Because cost programs at large companies are often complex, with many moving parts and interdependencies, effective change management is critical to success. This entails baseline measures like a program management office, along with clear and consistent communication from leaders to managers and frontline employees. It also requires broader measures to motivate and mobilize employees so that they buy into the program and willingly adopt new behaviors and ways of working.
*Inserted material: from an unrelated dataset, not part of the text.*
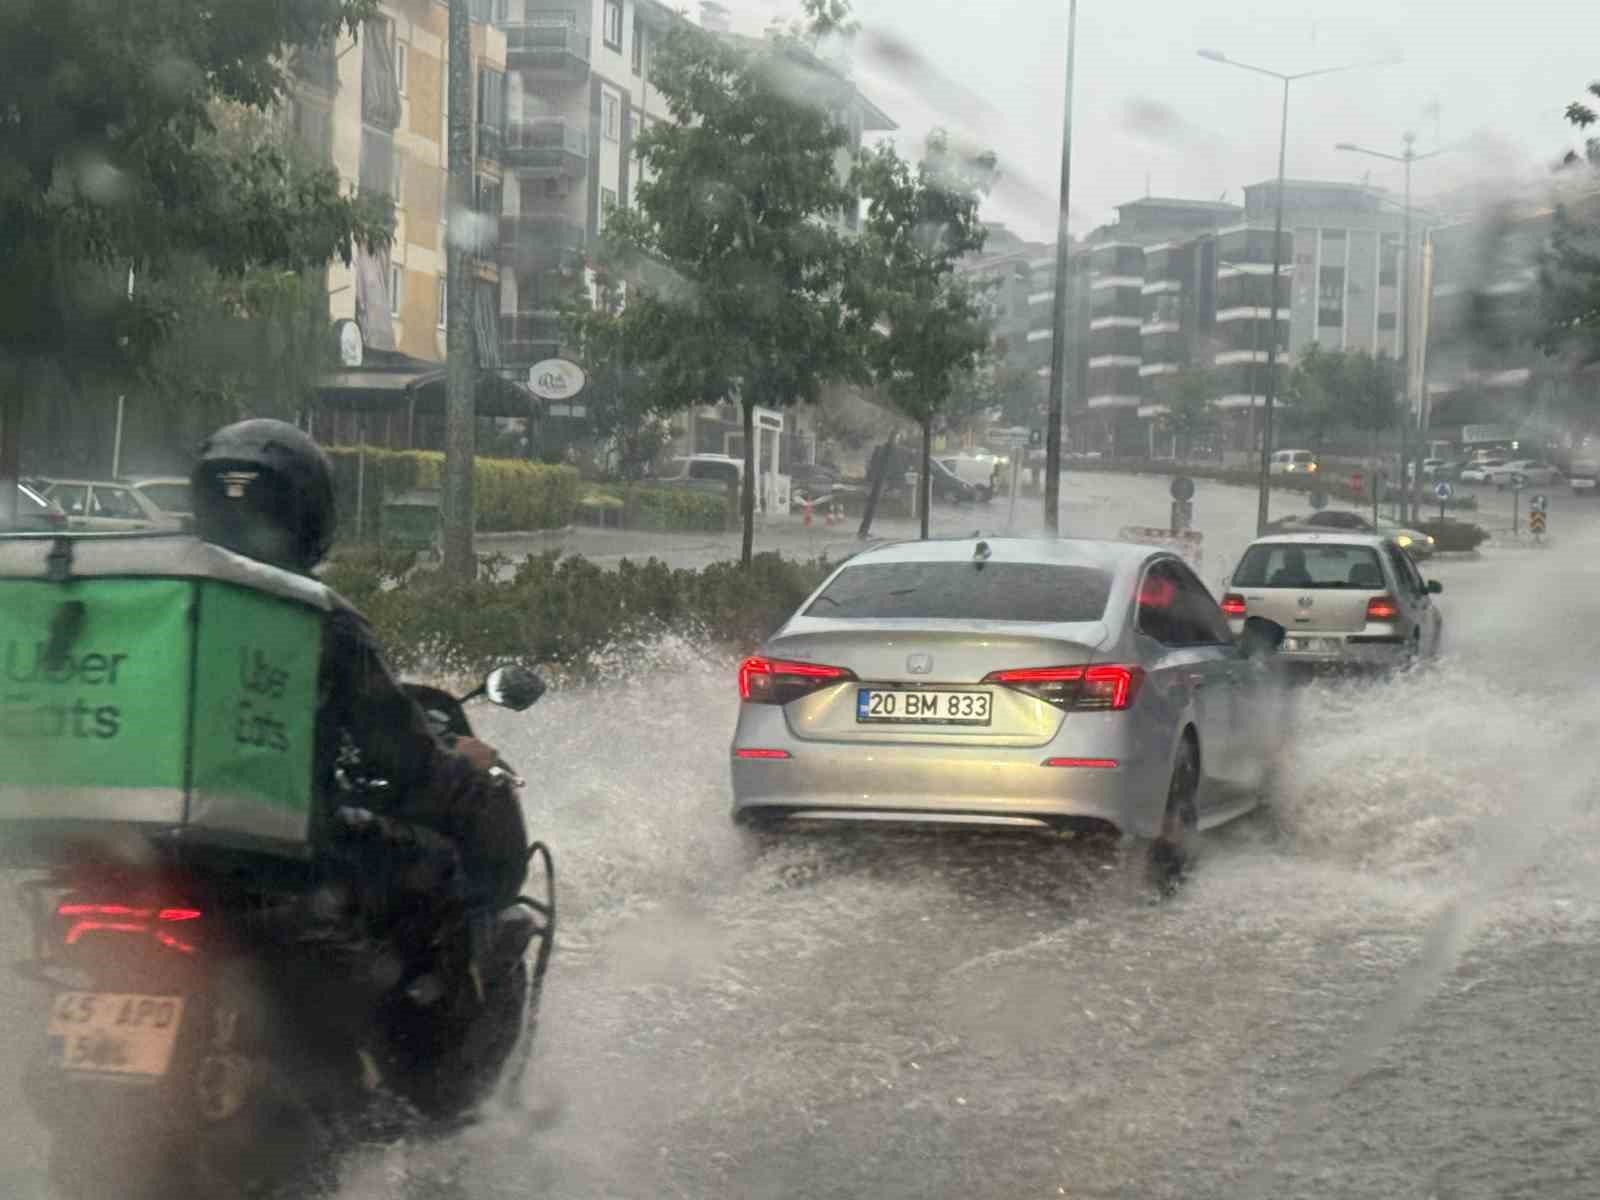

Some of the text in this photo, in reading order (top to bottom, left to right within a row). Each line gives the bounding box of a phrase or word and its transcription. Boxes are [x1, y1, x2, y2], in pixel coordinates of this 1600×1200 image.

In successful cost programs, leaders set the overall vision while ensuring that people at all levels engage in the process as well. This gives employees a stake in the firm’s success and some shared ownership of the outcome. They understand the core reasons behind the program, offer input, make suggestions for continued efficiency gains, and adopt a mindset of continuous improvement even after the formal program ends. In that way, companies can apply change management principles to help build a cost-aware culture. But accomplishing this requires a concerted effort from management to clarify the “why” of a cost program, and to offer a clear picture of the target future state.
A Smarter Approach to Implementation: Distributing Decisions to Managers
Across all five of these measures, companies should keep a core principle in mind: cascading decisions downward layer-by-layer in the organization.
All too often, senior leaders determine the detailed plan for a cost program, directly impacting people who are many levels below them. But leaders often don’t have visibility into those layers, leading to missed opportunities and poor decisions. In addition, managers and frontline employees won’t feel any ownership of the outcome if they have no say in designing solutions.
Communication delays are a factor as well: top-down approaches can lead to long gaps between when decisions are made and when they are finally implemented, leading to stress and uncertainty. In our survey data, only about 40% of managers and individual contributors said that changes in processes and roles were clearly communicated to them in top-down cost programs.
In our experience, pushing some decisions down to middle layers and below can generate a better overall result. In this approach, senior leaders set high-level objectives and delegate authority for achieving those goals down to the next level in the organization (with appropriate constraints and monitoring). This enables unit leaders and managers—those with the most direct, firsthand insights into their needs and teams—to make decisions about team structure, who to retain for individual roles, and how to redesign daily work in order to increase efficiency. (See Exhibit 2.)
Our research found that few companies design their structures this way, yet the benefits are sizable:
- Smarter design. People closest to the work (and to the workers) have firsthand knowledge about their teams and talent that senior leaders simply don’t have. Giving those people direct input into the process leads to better decisions and better outcomes.
- Better employee retention. In a distributed-decision approach, managers and employees were 50% more likely to say that their company made an effort to retain top talent.
- More cohesive rollout. When decisions cascade to lower levels of the organization, changes to the operating model are more systematic, leading to greater buy-in and helping to embed new behaviors.
- Greater understanding and clarity. When companies use a distributed approach, middle managers and employees were 20% to 30% more likely to say they understood the objectives of their company’s program, along with new priorities, the rationale for decisions made as part of the program, and changes to individual roles and processes.
Cost pressures are only intensifying, but companies need to resist the urge to make undifferentiated cuts to the workforce. By taking a more thoughtful, deliberate approach and applying the five principles discussed here, companies can increase their odds of a successful cost program. In this way, they can dramatically reduce costs and—just as importantly—increase their resilience and agility, equipping them to compete over the long term.